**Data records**
□ □ □ □

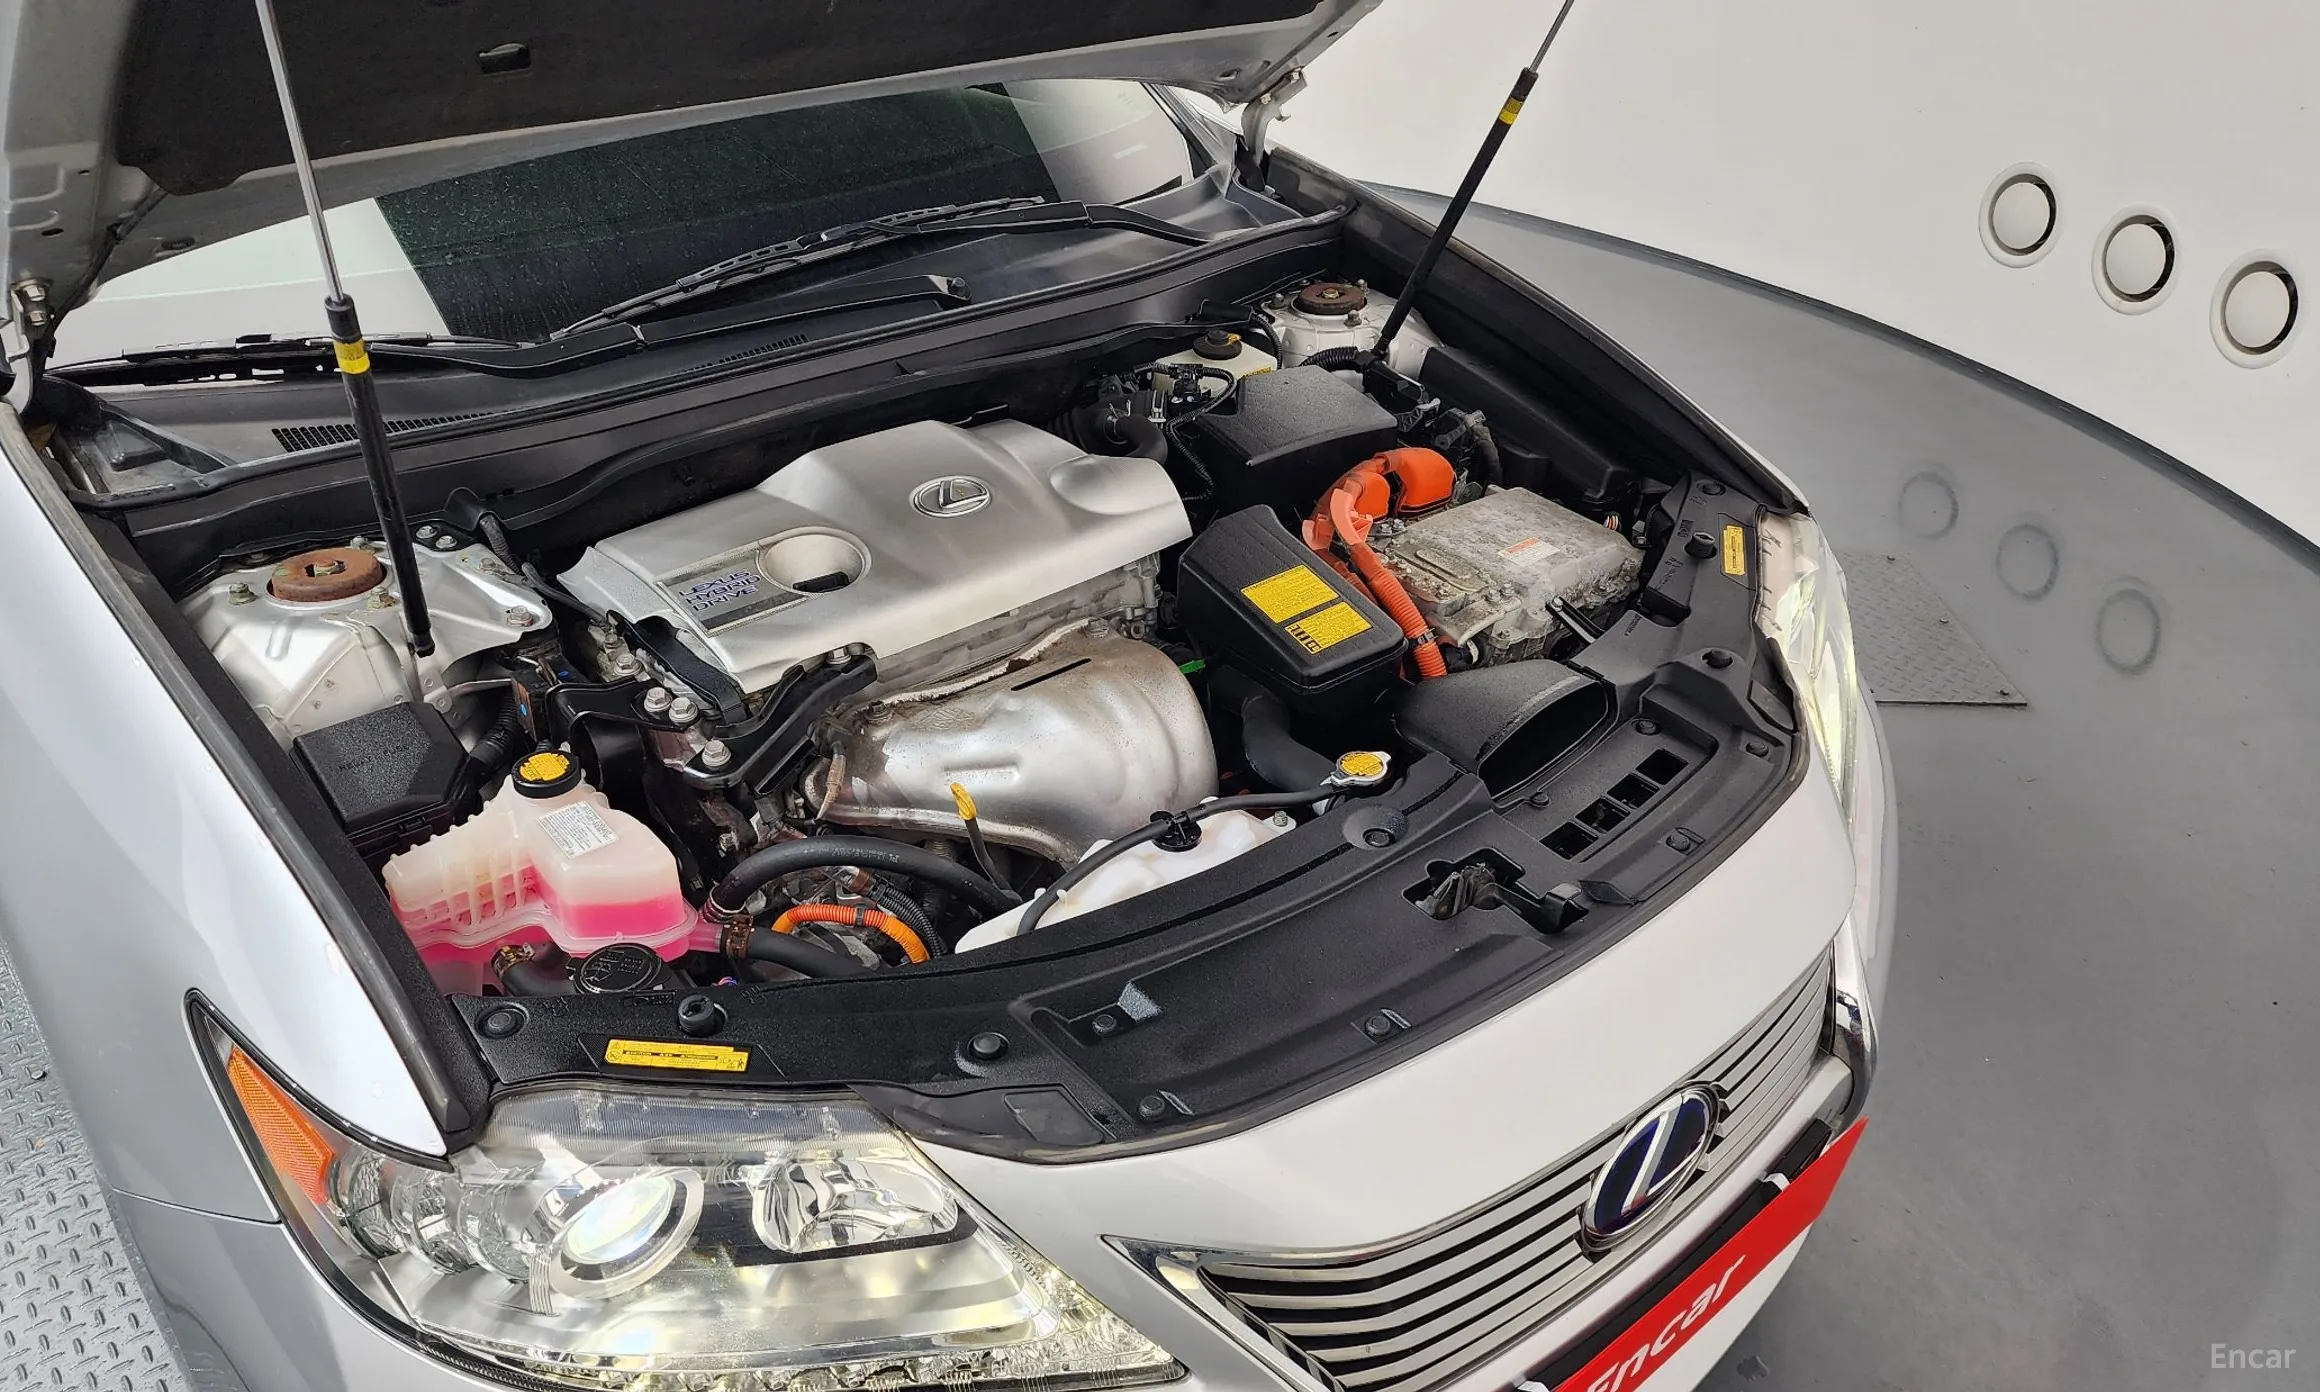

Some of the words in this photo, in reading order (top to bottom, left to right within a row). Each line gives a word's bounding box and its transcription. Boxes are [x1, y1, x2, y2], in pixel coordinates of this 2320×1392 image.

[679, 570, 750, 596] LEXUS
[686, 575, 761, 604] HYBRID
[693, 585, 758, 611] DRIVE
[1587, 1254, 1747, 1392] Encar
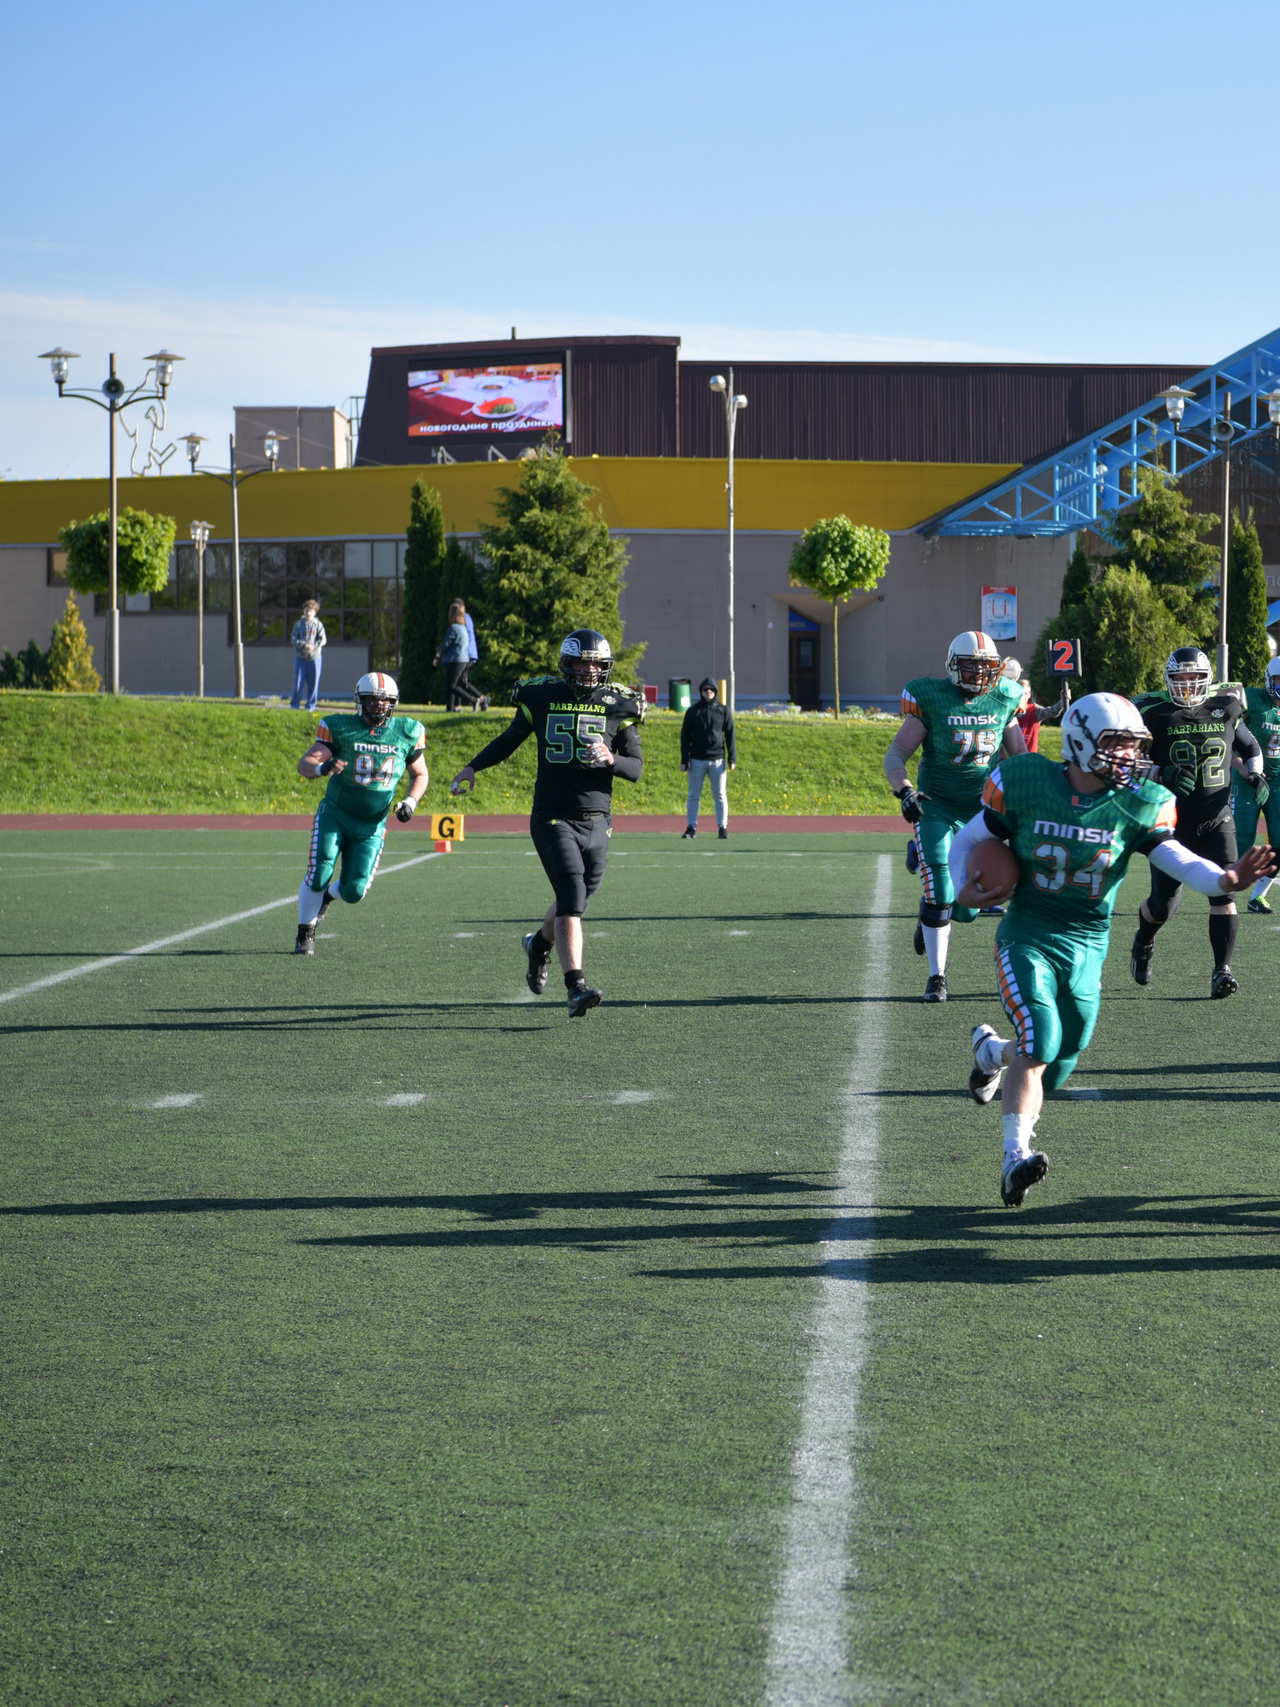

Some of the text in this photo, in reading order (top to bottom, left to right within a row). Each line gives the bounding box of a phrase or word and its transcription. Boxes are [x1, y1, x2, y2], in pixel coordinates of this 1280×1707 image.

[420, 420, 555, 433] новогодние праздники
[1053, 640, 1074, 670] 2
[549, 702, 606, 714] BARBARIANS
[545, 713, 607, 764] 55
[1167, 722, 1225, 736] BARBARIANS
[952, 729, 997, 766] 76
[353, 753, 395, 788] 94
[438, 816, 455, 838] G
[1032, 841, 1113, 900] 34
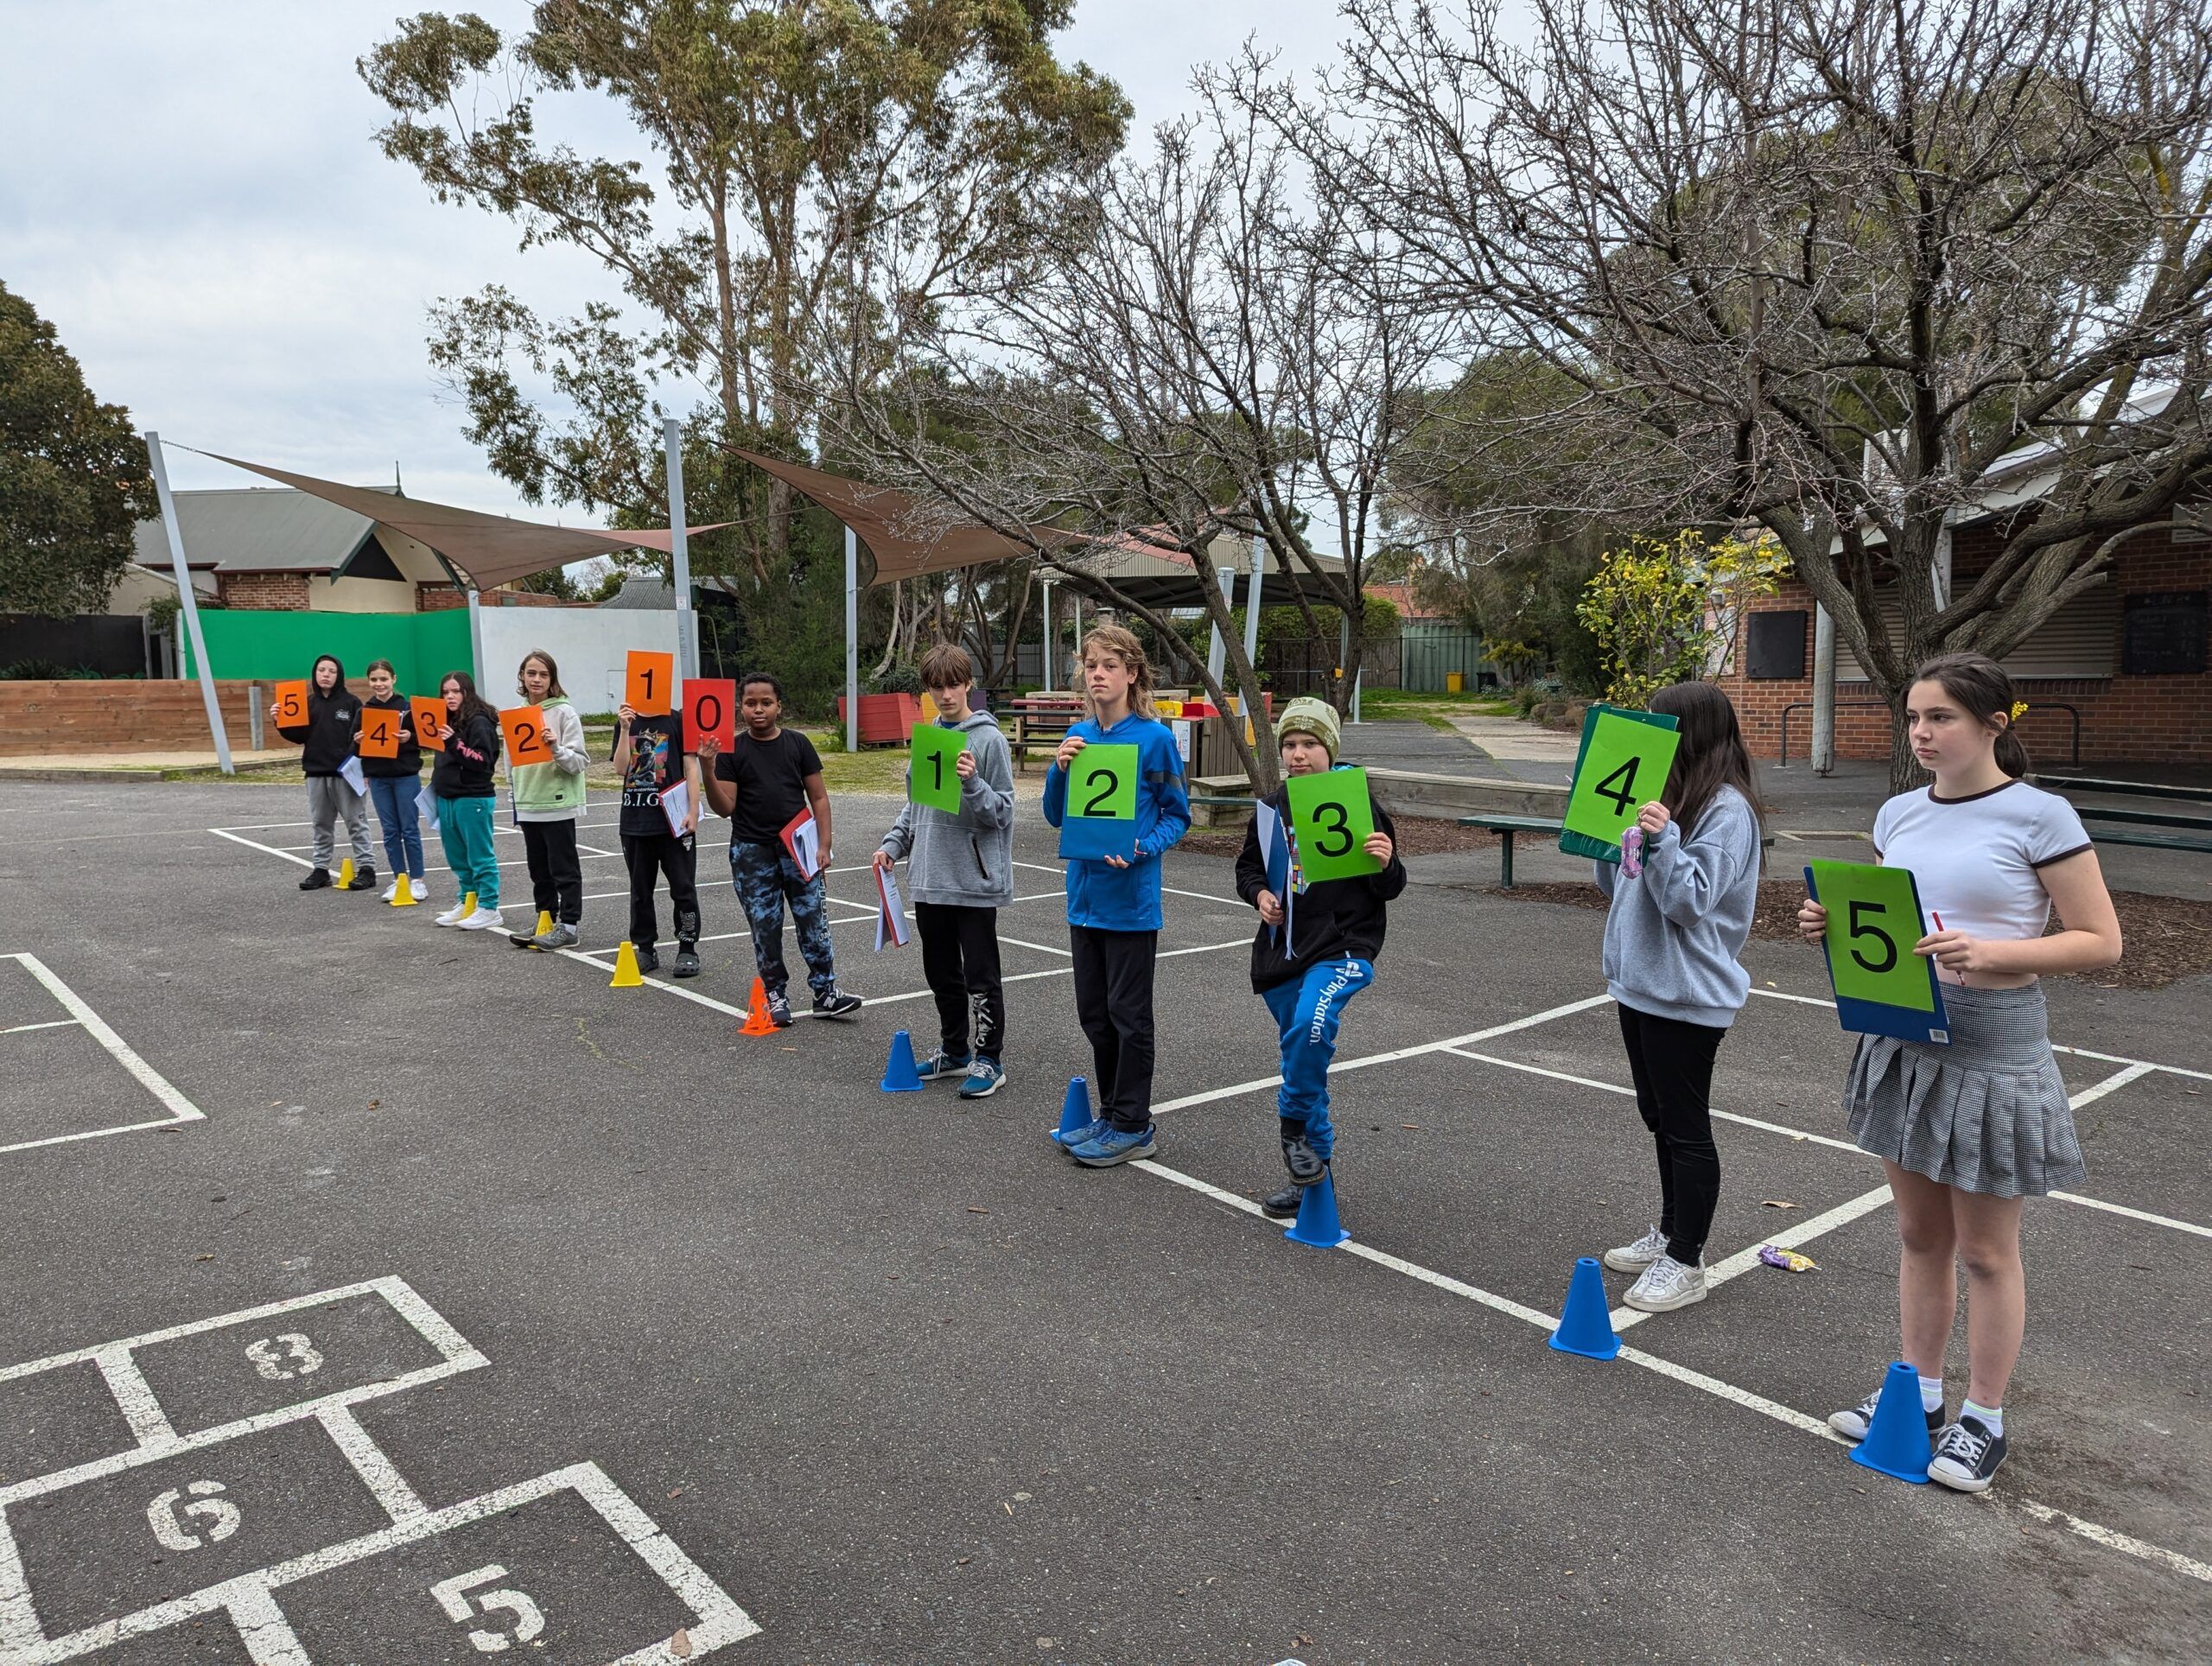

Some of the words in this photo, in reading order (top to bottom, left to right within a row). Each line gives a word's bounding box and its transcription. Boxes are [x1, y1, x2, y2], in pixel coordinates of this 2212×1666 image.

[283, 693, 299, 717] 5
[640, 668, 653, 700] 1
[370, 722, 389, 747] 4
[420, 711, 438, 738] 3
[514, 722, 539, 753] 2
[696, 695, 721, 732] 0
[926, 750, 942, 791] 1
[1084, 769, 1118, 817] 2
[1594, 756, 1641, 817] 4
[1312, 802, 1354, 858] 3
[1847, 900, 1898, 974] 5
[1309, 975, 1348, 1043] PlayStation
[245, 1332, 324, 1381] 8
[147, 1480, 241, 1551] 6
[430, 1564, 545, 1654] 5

□ □ □ □

**What is needed**
In the answer, return exactly the lines from the line containing "this 2212×1666 image." to the end of the records above, and no others.

**Written solution**
Some of the words in this photo, in reading order (top to bottom, left to right within a row). Each line gives a word's bounding box and its transcription. Boxes are [x1, y1, x2, y2], in pixel coordinates of this 2212×1666 image.

[283, 693, 299, 717] 5
[640, 668, 653, 700] 1
[370, 722, 389, 747] 4
[420, 711, 438, 738] 3
[514, 722, 539, 753] 2
[696, 695, 721, 732] 0
[926, 750, 942, 791] 1
[1084, 769, 1118, 817] 2
[1594, 756, 1641, 817] 4
[1312, 802, 1354, 858] 3
[1847, 900, 1898, 974] 5
[1309, 975, 1348, 1043] PlayStation
[245, 1332, 324, 1381] 8
[147, 1480, 241, 1551] 6
[430, 1564, 545, 1654] 5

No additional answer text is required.